There are a small number of students who all have the same camera models- either a Canon T2i, SL-1, T5i, T5, or T6i. We have over five different camera models in class and each student needs to become familiar with the function of the menu and physical features of their specific camera model. Direct instruction on your specific camera model requires proximity which we cannot achieve with healthy social distancing at this time.
That is the official communication. The personal reflection is that this is not sustainable, at all. In order to get ‘ready’ for work, I am already wearing my hearing aids, a mask, and a face shield. I’m hard of hearing and cannot hear people well who are 6 feet away even with my hearing aids. Now they are 6 feet away, muffled by their mask and my face shield. Yes, I use my eyes to hear, so do you although you may be as aware of it. We, humans of all cultures watch body language, facial expressions, and micro-expressions to catch the nuances of communication. I work in an international school with a variety of cultural norms at play at any one time so I need all the communications clues I can get for accurate understanding. Not possible with the masks on.

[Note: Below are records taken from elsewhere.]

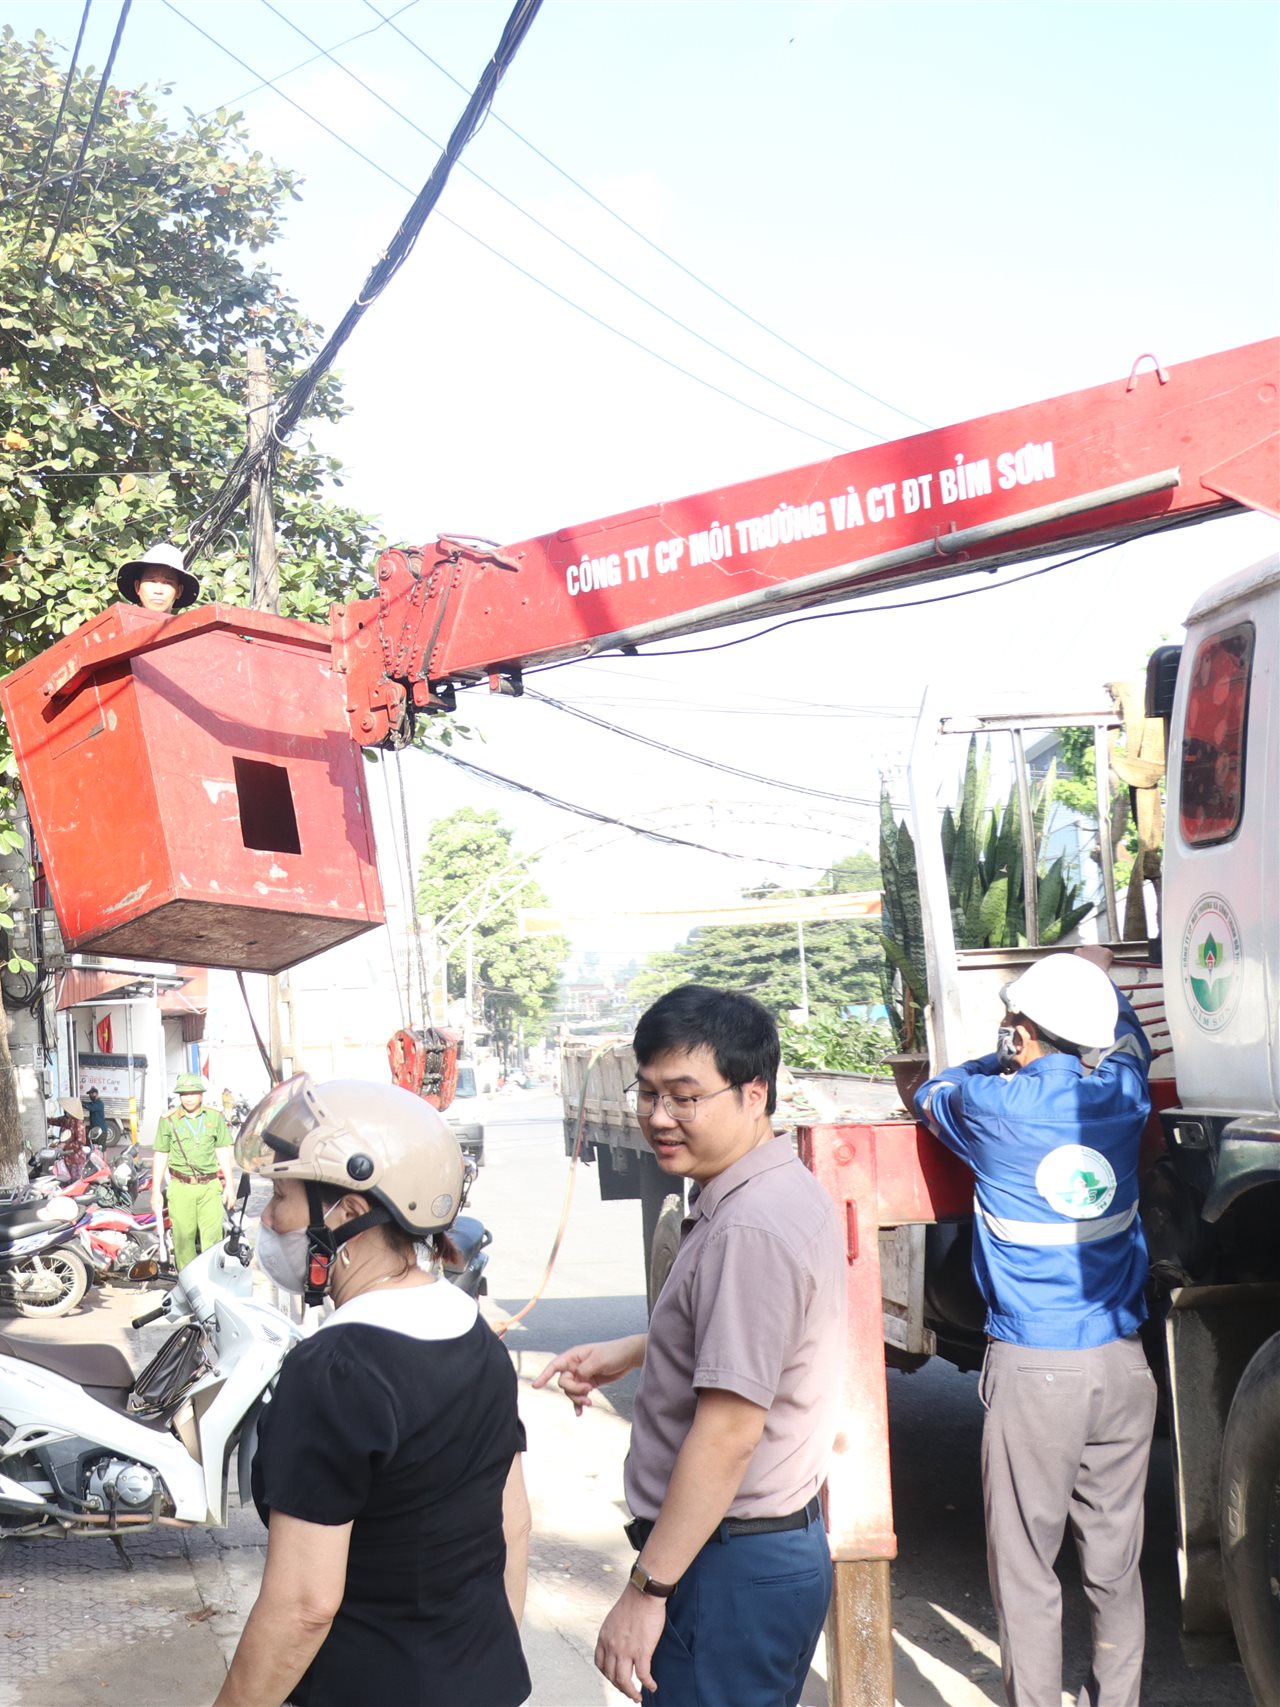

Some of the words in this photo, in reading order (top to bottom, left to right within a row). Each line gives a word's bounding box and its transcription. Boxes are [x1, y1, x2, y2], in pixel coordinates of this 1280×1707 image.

[566, 555, 622, 596] CÔNG
[624, 546, 650, 581] TY
[655, 537, 684, 574] CP
[688, 521, 733, 566] MÔI
[735, 501, 828, 554] TRƯỜNG
[830, 486, 865, 531] VÀ
[866, 483, 895, 523] CT
[902, 473, 933, 514] ĐT
[939, 453, 992, 505] BỈM
[996, 442, 1056, 490] SƠN
[106, 1078, 121, 1086] Care

So today I tried to teach by bringing the best ‘in-person’ experience of the Photography, Film, and Design class to our time together today. That means putting on our equipment and heading out to go capture some images. This is an inherently social activity that we now must do 6 feet away from each other muffled by masks. So the students inside headed outside with me, I logged into Zoom with my cell so I could bring the students logged in via zoom with me when we went outside. I spent so much time on logistics I barely was able to explain the different types of light or help any student with reasonable competency. I couldn’t get close enough to hear them accurately. I couldn’t hear them and therefore couldn’t help them. I’m trying to share a passion I love- photography- and I feel I was much more successful when we had the level interaction arena of mediated communication provided by video conferencing. Safe, yet with more freedom to move and explore than we had at school together in person.